Personal information
- Full name: Ezekiel Bala
- Date of birth: 8 April 1987 (age 37)
- Place of birth: Jos, Nigeria
- Height: 1.70 m (5 ft 7 in)
- Position(s): Striker

Youth career
- J.C. Raiders
- 2004–2005: Lyn

Senior career*
- Years: Team / Apps / (Gls)
- 2005–2007: Lyn / 18 / (2)
- 2008–2010: Bryne / 74 / (13)
- 2011: Randaberg / 23 / (6)
- 2012–2013: Nybergsund / 10 / (1)
- 2014: Funnefoss/Vormsund
- 2015–2018: Ålgård
- 2018–2021: Rosseland

International career
- 2007: Nigeria U20

= Ezekiel Bala =

Nigerian football striker

Ezekiel Bala (born 8 April 1987) is a Nigerian former professional footballer who played as a striker.

==Career==
He made his debut for Lyn in a cup match against Klemetsrud IL, on 11 May 2005, and scored 2 goals in a total of 23 league games for the club.
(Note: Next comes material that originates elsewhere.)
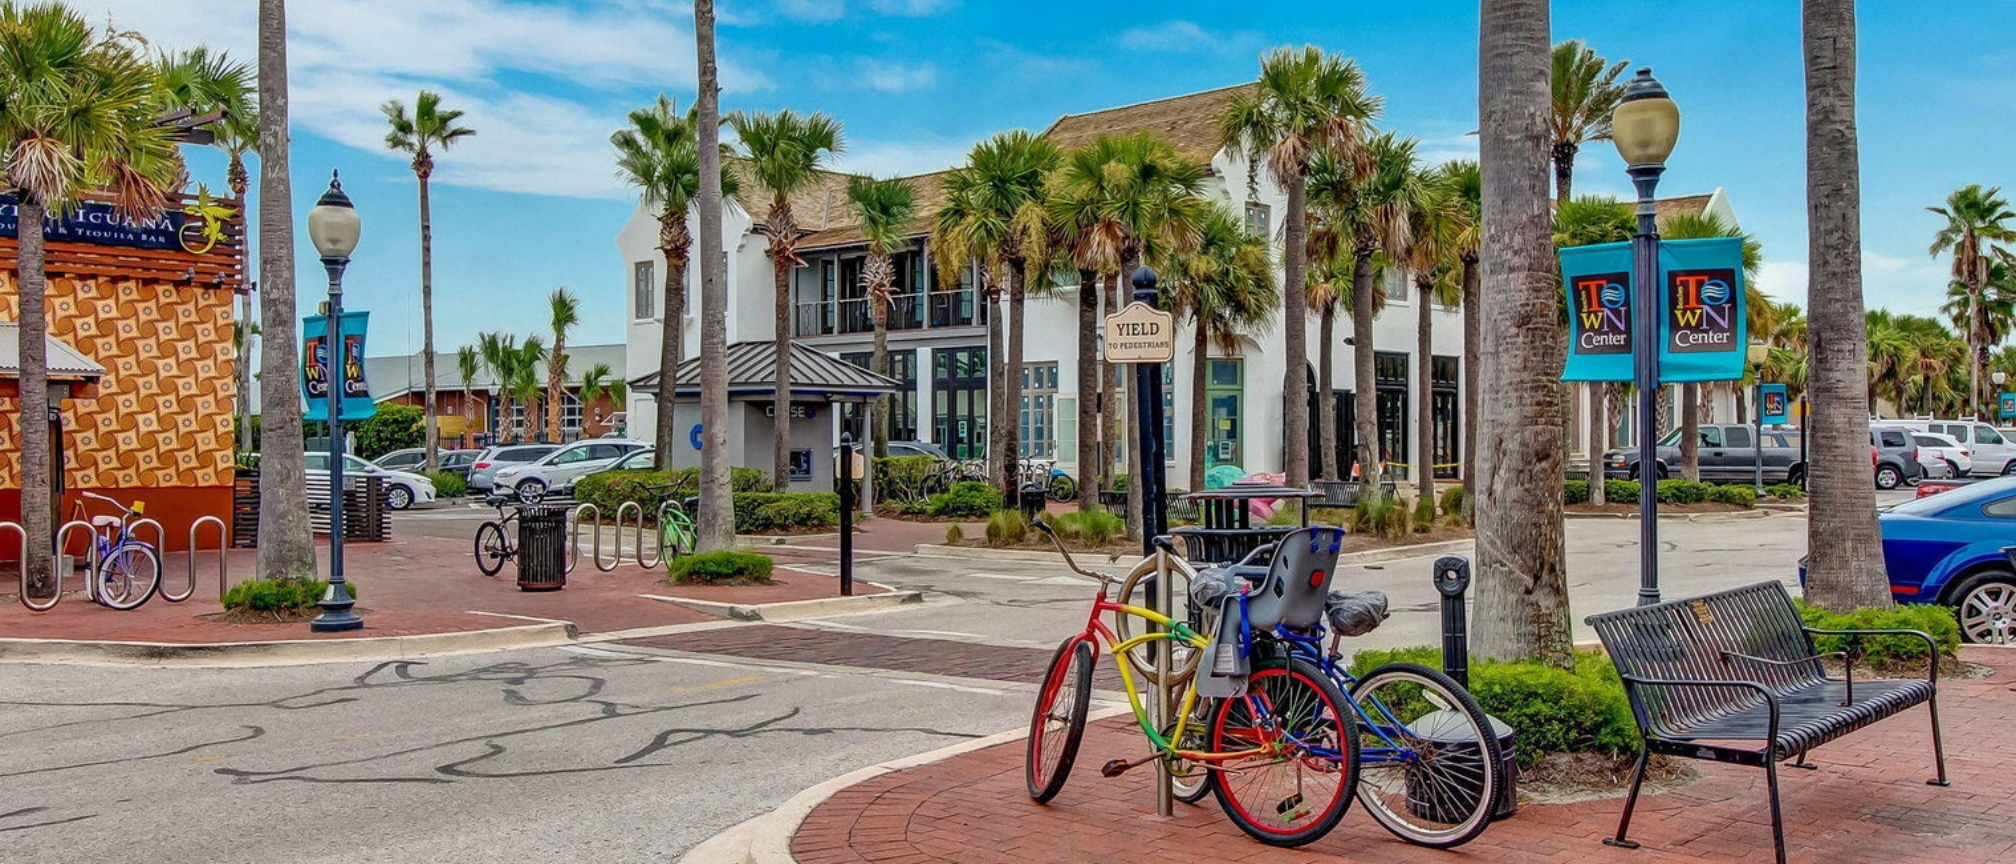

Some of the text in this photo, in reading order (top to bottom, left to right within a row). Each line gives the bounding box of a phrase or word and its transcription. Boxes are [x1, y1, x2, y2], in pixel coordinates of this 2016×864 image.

His previous club was J.C Raiders in Jos, Nigeria.

He joined Bryne in 2008 from Lyn, later Randaberg, Nybergsund, Funnefoss/Vormsund and Ålgård.

==International career==
Bala was the captain of Nigeria's team in the 2007 FIFA U-20 World Cup in Canada, where he scored both goals in the win over Scotland.